Extracted records:
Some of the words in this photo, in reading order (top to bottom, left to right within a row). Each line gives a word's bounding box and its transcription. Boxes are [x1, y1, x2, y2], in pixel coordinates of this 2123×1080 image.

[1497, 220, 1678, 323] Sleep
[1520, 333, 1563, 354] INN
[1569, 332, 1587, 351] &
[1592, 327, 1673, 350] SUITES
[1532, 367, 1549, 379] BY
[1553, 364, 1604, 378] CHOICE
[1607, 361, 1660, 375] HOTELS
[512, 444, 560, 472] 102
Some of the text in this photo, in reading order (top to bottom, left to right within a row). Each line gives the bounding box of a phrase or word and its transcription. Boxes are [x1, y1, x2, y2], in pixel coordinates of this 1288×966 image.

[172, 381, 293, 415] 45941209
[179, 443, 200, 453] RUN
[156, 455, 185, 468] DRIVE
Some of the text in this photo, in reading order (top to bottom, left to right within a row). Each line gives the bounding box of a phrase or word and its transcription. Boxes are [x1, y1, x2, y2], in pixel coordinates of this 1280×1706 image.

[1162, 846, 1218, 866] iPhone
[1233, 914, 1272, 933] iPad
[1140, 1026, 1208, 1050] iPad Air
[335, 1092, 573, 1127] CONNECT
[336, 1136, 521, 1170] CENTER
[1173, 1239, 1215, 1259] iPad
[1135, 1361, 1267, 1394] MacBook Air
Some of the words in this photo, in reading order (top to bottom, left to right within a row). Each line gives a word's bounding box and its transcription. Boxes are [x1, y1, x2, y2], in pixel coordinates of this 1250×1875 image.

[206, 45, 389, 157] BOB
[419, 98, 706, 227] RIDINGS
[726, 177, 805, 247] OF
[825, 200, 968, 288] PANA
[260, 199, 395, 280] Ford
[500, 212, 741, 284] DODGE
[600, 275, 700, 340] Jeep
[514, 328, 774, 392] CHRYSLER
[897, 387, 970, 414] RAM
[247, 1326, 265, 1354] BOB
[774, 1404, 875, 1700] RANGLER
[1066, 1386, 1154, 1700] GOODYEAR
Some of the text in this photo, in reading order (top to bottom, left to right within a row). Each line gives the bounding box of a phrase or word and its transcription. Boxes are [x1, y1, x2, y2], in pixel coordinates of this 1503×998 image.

What you should do: Copy verbatim the span of lines that begins with the line holding "this 1288×966 image." and ends at the last line of the records.

Response:
Some of the text in this photo, in reading order (top to bottom, left to right within a row). Each line gives the bounding box of a phrase or word and its transcription. Boxes are [x1, y1, x2, y2], in pixel coordinates of this 1288×966 image.

[172, 381, 293, 415] 45941209
[179, 443, 200, 453] RUN
[156, 455, 185, 468] DRIVE
Some of the text in this photo, in reading order (top to bottom, left to right within a row). Each line gives the bounding box of a phrase or word and its transcription. Boxes are [x1, y1, x2, y2], in pixel coordinates of this 1280×1706 image.

[1162, 846, 1218, 866] iPhone
[1233, 914, 1272, 933] iPad
[1140, 1026, 1208, 1050] iPad Air
[335, 1092, 573, 1127] CONNECT
[336, 1136, 521, 1170] CENTER
[1173, 1239, 1215, 1259] iPad
[1135, 1361, 1267, 1394] MacBook Air
Some of the words in this photo, in reading order (top to bottom, left to right within a row). Each line gives a word's bounding box and its transcription. Boxes are [x1, y1, x2, y2], in pixel coordinates of this 1250×1875 image.

[206, 45, 389, 157] BOB
[419, 98, 706, 227] RIDINGS
[726, 177, 805, 247] OF
[825, 200, 968, 288] PANA
[260, 199, 395, 280] Ford
[500, 212, 741, 284] DODGE
[600, 275, 700, 340] Jeep
[514, 328, 774, 392] CHRYSLER
[897, 387, 970, 414] RAM
[247, 1326, 265, 1354] BOB
[774, 1404, 875, 1700] RANGLER
[1066, 1386, 1154, 1700] GOODYEAR
Some of the text in this photo, in reading order (top to bottom, left to right within a row). Each line gives the bounding box of a phrase or word and its transcription. Boxes are [x1, y1, x2, y2], in pixel coordinates of this 1503×998 image.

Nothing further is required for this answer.